Propaganda & Persuasion – Comments on an Interpretive Heuristic with Reference to George Bush’s Post-9/11 Speech

Matthew Lipscomb

Dr. Heather Palmer

Propaganda & Persuasion, 1/27/2011

Comments on an Interpretive Heuristic with

Reference to George Bush’s Post-9/11 Speech




1) What is the main claim/thesis/idea?
The main claim that is made is that there has been a radical shift in the way that the world works. This has been referenced (elsewhere) as a ‘pre-9/11 mindset.’ Essentially, President Bush is outlining the reasons and the necessity for a shift in thinking, or the adoption of a ‘post-9/11’ mentality on the part of all americans.

Where exactly is it stated (textual references)?
“All of this was brought upon us in a single day — and night fell on a different world, a world where freedom itself is under attack.” “And night fell on a different world” invokes a specific imagery that the world is now a very different place then it was before. (Italics are mine in the reference.)

What type of claim is it? (fact, cause, evaluation, and/or policy)

I think that you can argue that this is initially a fact/cause claim with a correspondingly mutual element, insofar as I think that you can also argue that, subsequent to this, there is also the insinuated secondary dichotomy of an ‘evaluation/policy’ procedure, which is also correspondingly argued to be at work.

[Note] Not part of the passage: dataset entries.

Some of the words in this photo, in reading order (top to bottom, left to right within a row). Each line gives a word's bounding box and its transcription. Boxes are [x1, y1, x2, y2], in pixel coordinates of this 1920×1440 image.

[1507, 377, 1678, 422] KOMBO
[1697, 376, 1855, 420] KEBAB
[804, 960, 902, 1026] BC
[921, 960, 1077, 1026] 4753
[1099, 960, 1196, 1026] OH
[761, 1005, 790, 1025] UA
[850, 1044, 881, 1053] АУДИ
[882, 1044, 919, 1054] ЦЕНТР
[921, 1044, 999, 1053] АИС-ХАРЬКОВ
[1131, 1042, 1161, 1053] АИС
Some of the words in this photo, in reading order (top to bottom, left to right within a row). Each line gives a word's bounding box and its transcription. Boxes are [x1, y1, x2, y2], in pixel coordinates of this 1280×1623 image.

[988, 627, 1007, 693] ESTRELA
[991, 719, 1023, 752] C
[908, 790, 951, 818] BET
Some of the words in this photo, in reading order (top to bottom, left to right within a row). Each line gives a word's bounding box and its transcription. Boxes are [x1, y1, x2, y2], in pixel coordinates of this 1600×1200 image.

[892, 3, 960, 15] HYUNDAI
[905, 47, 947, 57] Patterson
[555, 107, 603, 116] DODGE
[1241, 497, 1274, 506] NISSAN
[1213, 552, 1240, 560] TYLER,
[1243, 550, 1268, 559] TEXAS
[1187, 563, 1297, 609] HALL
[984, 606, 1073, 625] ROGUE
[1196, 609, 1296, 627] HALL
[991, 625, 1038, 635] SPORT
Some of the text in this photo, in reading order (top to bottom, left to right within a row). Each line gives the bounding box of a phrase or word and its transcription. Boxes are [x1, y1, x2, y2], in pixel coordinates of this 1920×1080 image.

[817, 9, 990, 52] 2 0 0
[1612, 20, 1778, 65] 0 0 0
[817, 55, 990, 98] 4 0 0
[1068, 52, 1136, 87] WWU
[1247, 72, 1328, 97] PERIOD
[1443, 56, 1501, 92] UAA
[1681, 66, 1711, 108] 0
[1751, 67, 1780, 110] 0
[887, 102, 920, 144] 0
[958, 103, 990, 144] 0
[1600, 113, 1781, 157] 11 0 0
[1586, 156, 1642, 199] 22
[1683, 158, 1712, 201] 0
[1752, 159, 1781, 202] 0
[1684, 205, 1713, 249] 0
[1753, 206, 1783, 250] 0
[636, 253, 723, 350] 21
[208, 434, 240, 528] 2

In terms of an ‘ontology of power,’ there is a definite teleological flow that one can argue is thereby presented. You could argue that the speech is actually presenting an argument for a fact, cause, evaluation, and policy metanarrational archetype.

Historians will point out that this has a strong grounding in historical, socio-political, ideological dynamics – in terms of a being a reproducible effect, which may or may not (in the past) have actually functioned within the control of any one delineable ‘agent of asserted power.’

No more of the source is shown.